(Records drawn from a dataset)
========================
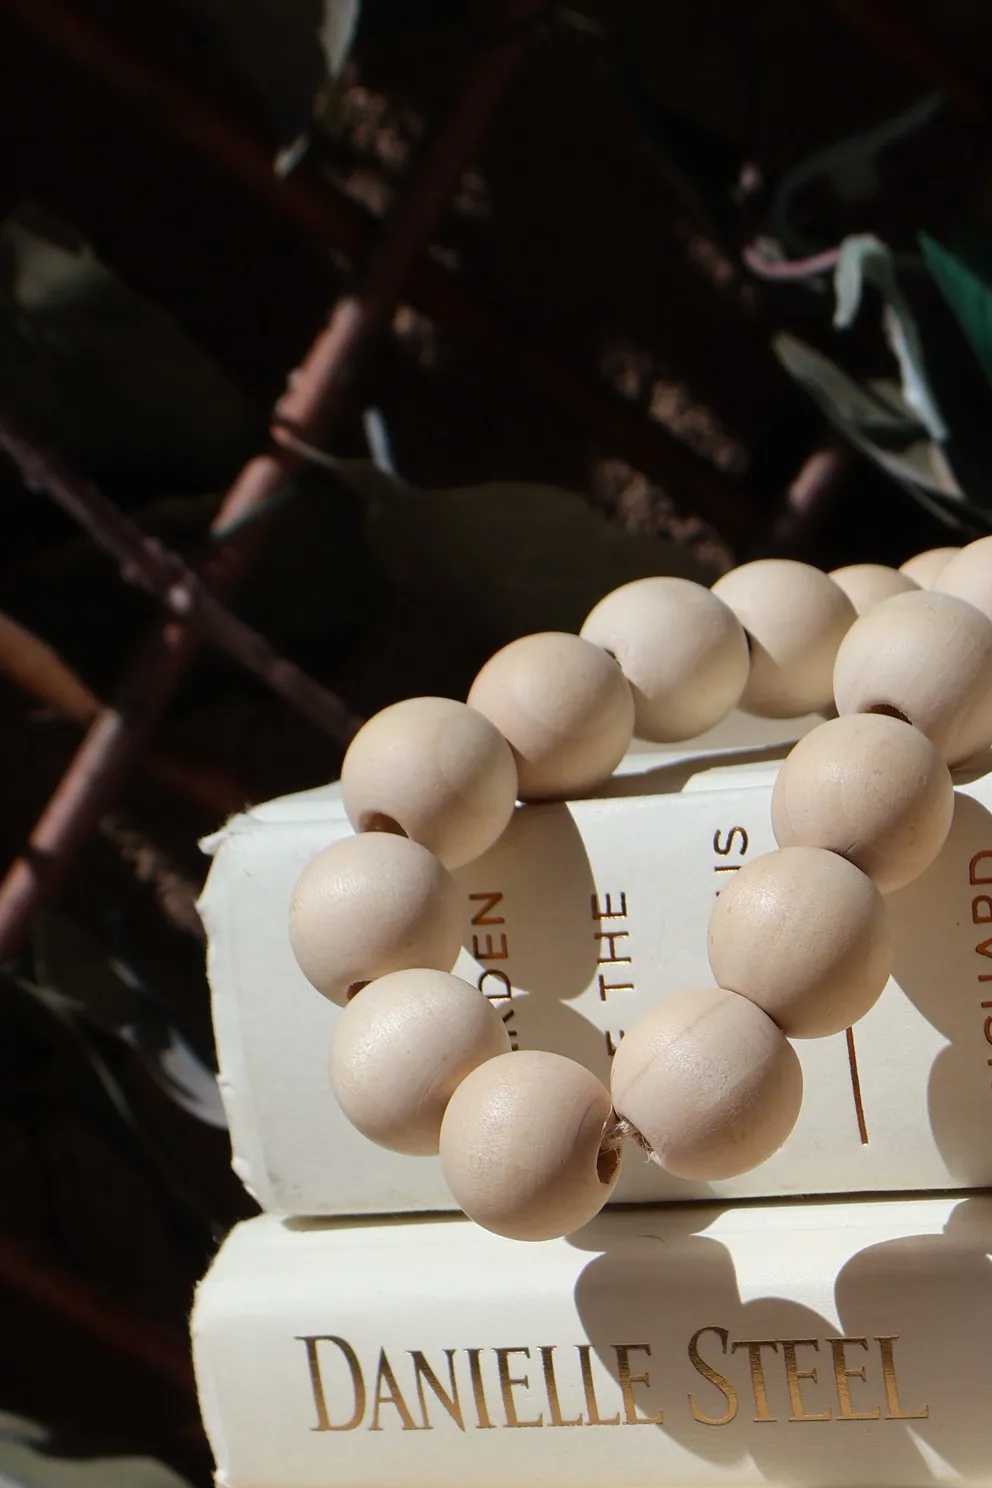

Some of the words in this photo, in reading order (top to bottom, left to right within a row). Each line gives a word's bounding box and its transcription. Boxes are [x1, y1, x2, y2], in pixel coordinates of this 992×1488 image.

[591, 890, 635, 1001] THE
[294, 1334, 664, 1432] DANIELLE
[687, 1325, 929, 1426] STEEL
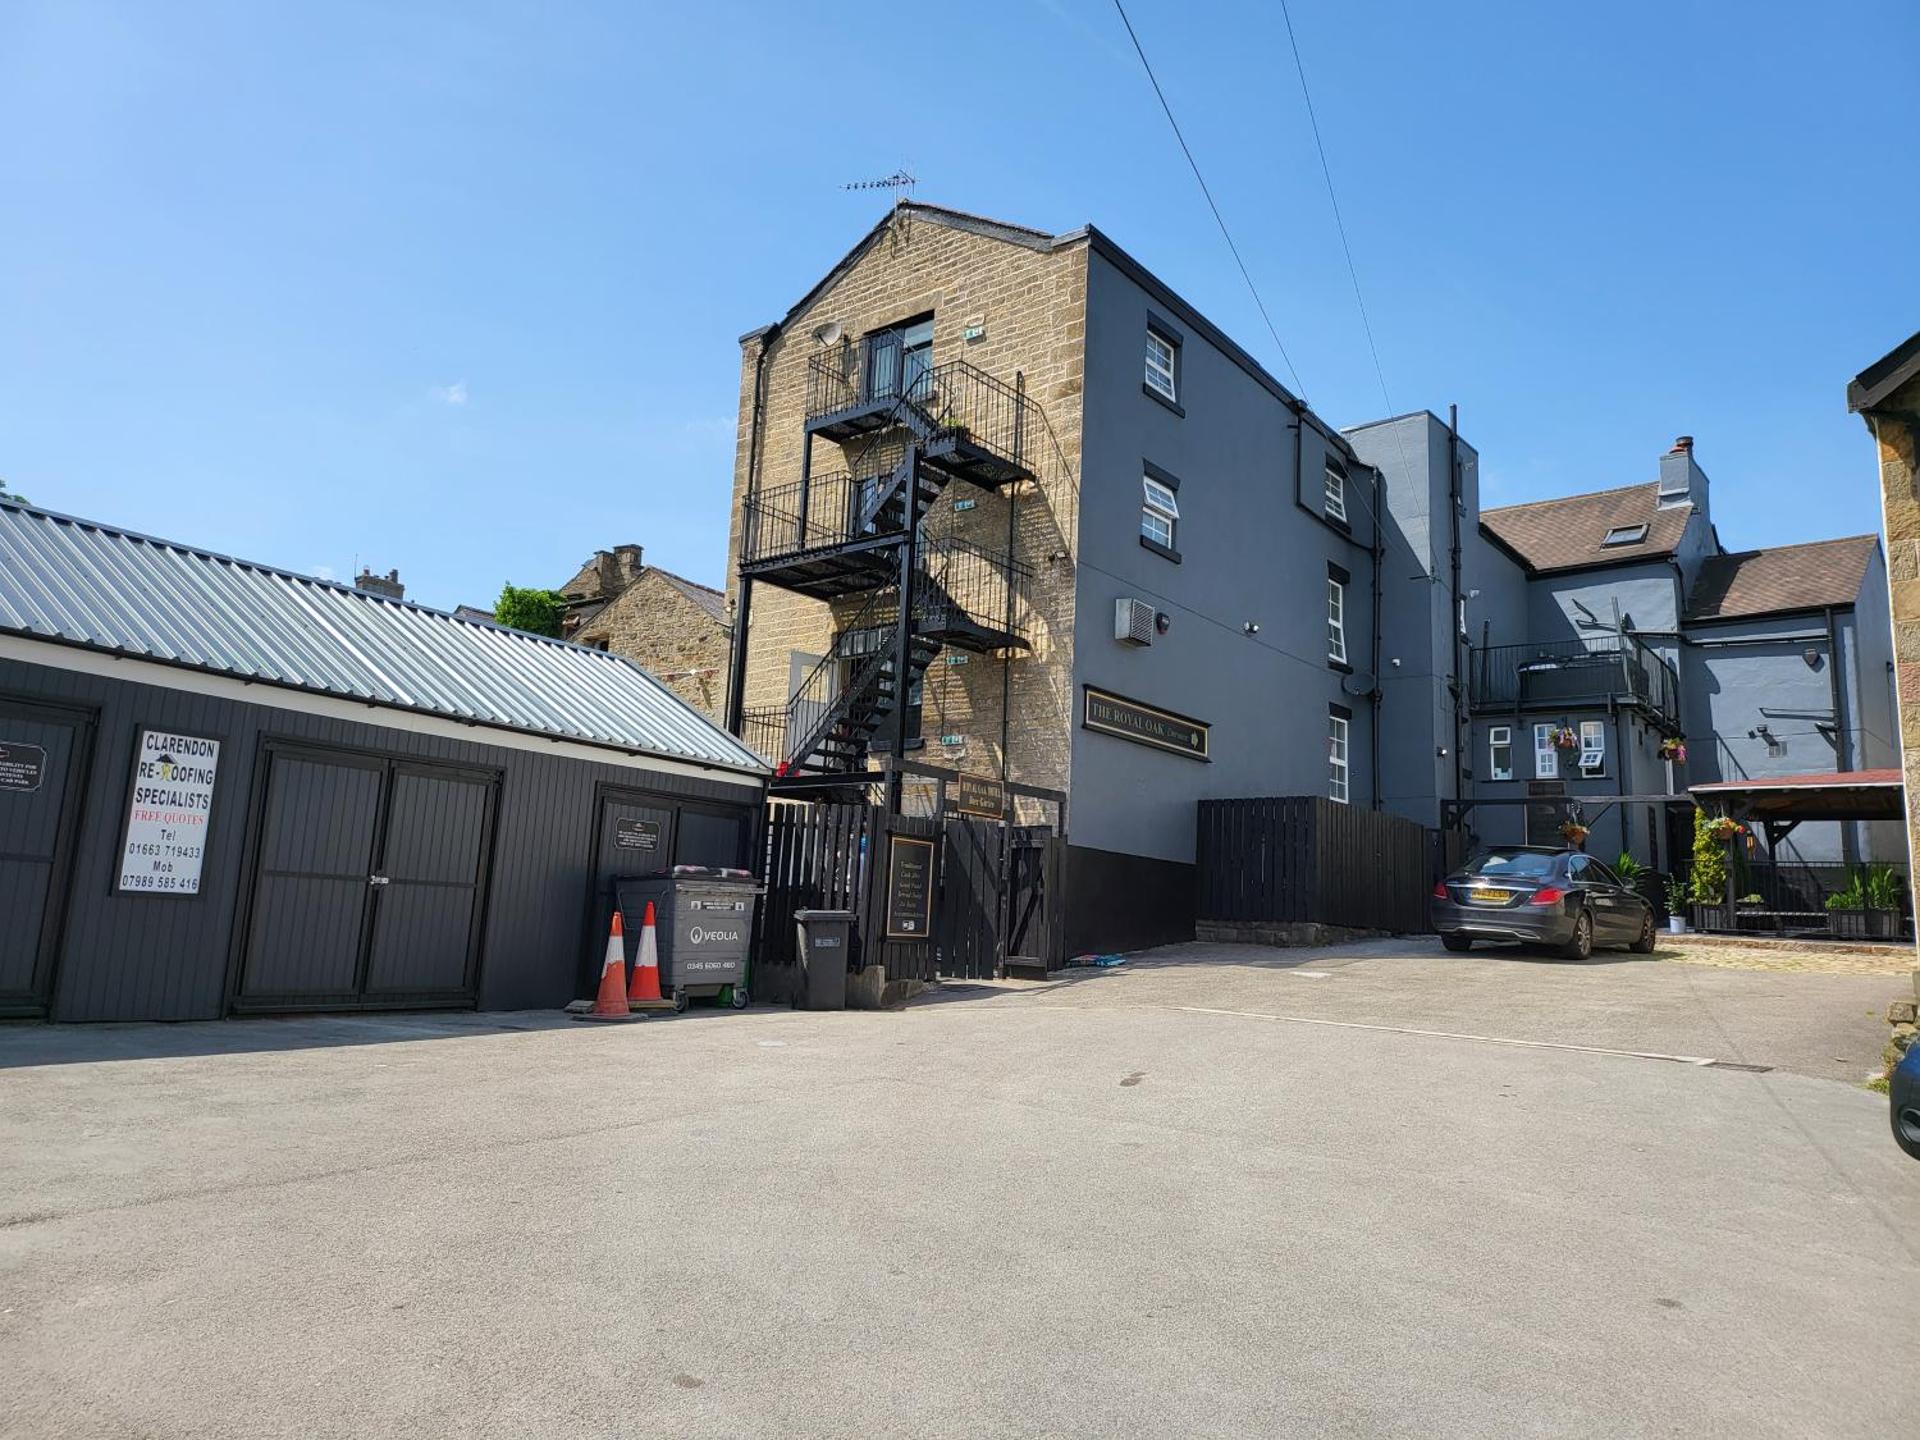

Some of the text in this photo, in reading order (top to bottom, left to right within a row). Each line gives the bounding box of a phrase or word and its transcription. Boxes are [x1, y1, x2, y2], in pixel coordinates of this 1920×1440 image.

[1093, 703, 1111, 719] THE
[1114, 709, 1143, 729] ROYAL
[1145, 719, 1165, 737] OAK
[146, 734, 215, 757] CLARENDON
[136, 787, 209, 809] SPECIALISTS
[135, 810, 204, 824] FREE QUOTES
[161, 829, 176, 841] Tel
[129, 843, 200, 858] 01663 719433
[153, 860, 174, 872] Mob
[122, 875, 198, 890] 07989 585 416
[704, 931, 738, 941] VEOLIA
========================
(Problem) The records above are to be transcribed exactly, with every picture left out.

(Solved problem)
Some of the words in this photo, in reading order (top to bottom, left to right within a row). Each line gives a word's bounding box and its transcription. Boxes are [x1, y1, x2, y2], in pixel coordinates of this 992×1488 image.

[591, 890, 635, 1001] THE
[294, 1334, 664, 1432] DANIELLE
[687, 1325, 929, 1426] STEEL

Some of the text in this photo, in reading order (top to bottom, left to right within a row). Each line gives the bounding box of a phrase or word and its transcription. Boxes are [x1, y1, x2, y2], in pixel coordinates of this 1920×1440 image.

[1093, 703, 1111, 719] THE
[1114, 709, 1143, 729] ROYAL
[1145, 719, 1165, 737] OAK
[146, 734, 215, 757] CLARENDON
[136, 787, 209, 809] SPECIALISTS
[135, 810, 204, 824] FREE QUOTES
[161, 829, 176, 841] Tel
[129, 843, 200, 858] 01663 719433
[153, 860, 174, 872] Mob
[122, 875, 198, 890] 07989 585 416
[704, 931, 738, 941] VEOLIA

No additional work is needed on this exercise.